Authors: Dorothy Dunnett
He must have fallen asleep by the spring, and was dreaming of a great noise, like a battle at sea or the public acclaim of a multitude, when he woke and heard the distant sound that had woven itself into his sleep: the noise indeed of a great crowd, but not one of acclaim. The sound of many men at death-grip with one another, filling the summer night sky over Thurso. And then as, starting up, he ran to the settlement, he saw the low clouds to the east take each to itself a tinge of brightening colour, hazed by a feathering column of smoke.
The trap had been sprung.

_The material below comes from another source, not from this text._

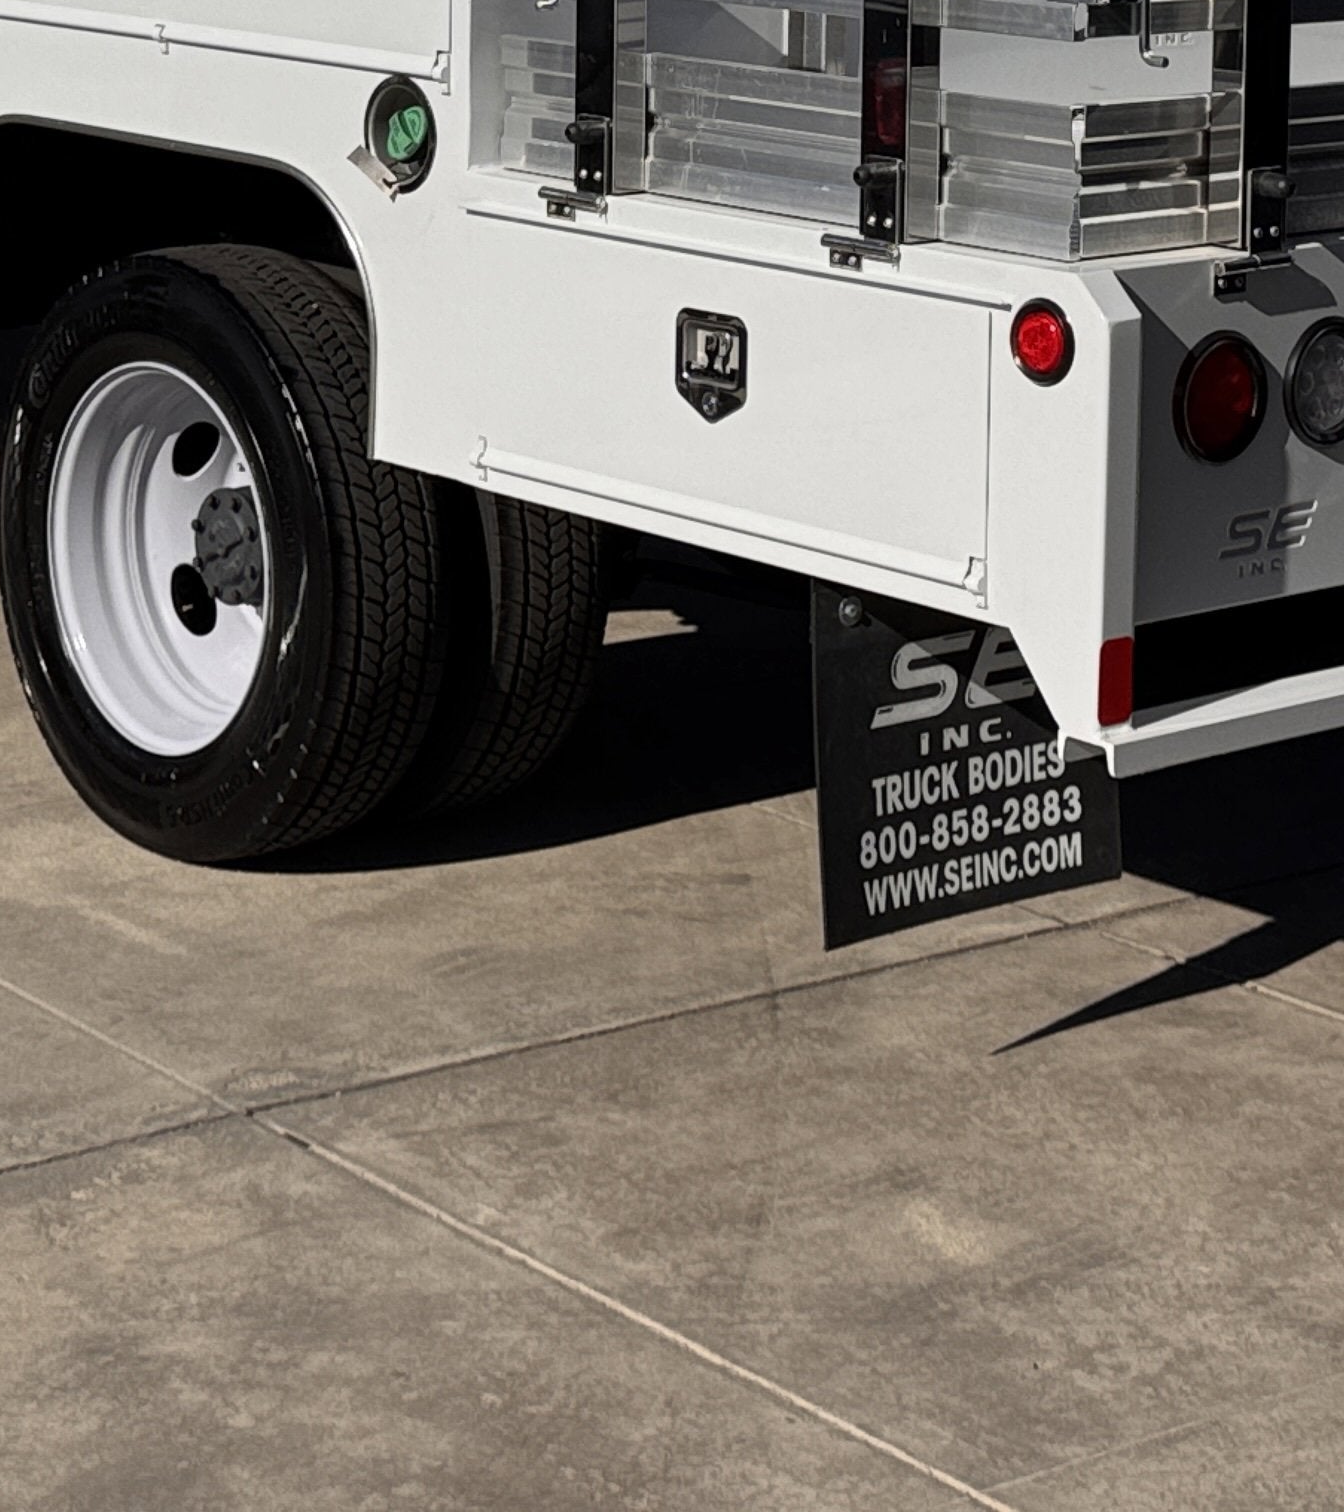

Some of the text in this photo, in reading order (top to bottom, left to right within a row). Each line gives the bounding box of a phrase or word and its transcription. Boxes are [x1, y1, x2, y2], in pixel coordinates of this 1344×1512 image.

[871, 739, 1066, 817] TRUCK BODIES
[859, 785, 1083, 870] 800-858-2883
[863, 831, 1084, 917] WWW.SEINC.COM

The sleeping army of Moray had been surrounded and challenged.
Had Sulien been with Thorkel, instead of asleep by the spring in those hours, he would have seen him lying as he had lain all day with his men, out of sight of the bay, and of the big timber hall, the collection of cabins and stockyards and barns, the one or two steadings that made up the settlement known as Thurso, on the rising ground between the beach and the river Skinandi.
There, within the tall oak stockade round the Earl’s empty hall and its grazings, lay Gillacomghain and his army, with his scouts posted around. The horses they had taken inside, and the animals they had collected to feed them, and the carts with their tents and their meal-bags, their ale and their weapons, dragged all the way from the east coast at Wick, where they had been landed. There were women with them as well: news that Thorkel had received with
annoyance, for women involved in a battle caused nothing but trouble. He hoped, giving the requisite warnings to his company, that the other side would have enough common sense, at the least, to give them their own quarters.

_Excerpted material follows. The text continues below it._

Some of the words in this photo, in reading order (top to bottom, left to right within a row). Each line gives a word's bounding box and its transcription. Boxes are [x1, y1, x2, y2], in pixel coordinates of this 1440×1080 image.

Already, Gillacomghain and his men would have been moved to wonder, perhaps, at the empty house-steads in Wick and the lack of resistance; but, after all, the fleet had brought them in daylight and, thus warned, the Caithness people might not unreasonably have taken to their heels.
So Gillacomghain had marched unhindered to Thurso and entered it, and now could afford the luxury of a night’s sleep, however dissatisfied he might be with the conquest. For of course he had found Thurso empty as well, and Thorfinn vanished: escaped to Orkney and gone to earth no doubt on his lands before the Berwick fleet had time to arrive and prevent it.
Perhaps Gillacomghain or his scouts had seen Carl’s Northumbrian ships sail to Orkney before the light failed. He could not know how they had fared. But it must seem certain that, once escaped, Thorfinn would hardly bring back a handful of men to confront the whole army of Moray now in possession here. Gillacomghain might expect that his ally Carl, having chased Thorfinn to Orkney, might call here at Thurso before sailing homewards. More of Carl he could not expect. The land in dispute was not Orkney, and the overlords of Orkney had given no sanction for a landing here.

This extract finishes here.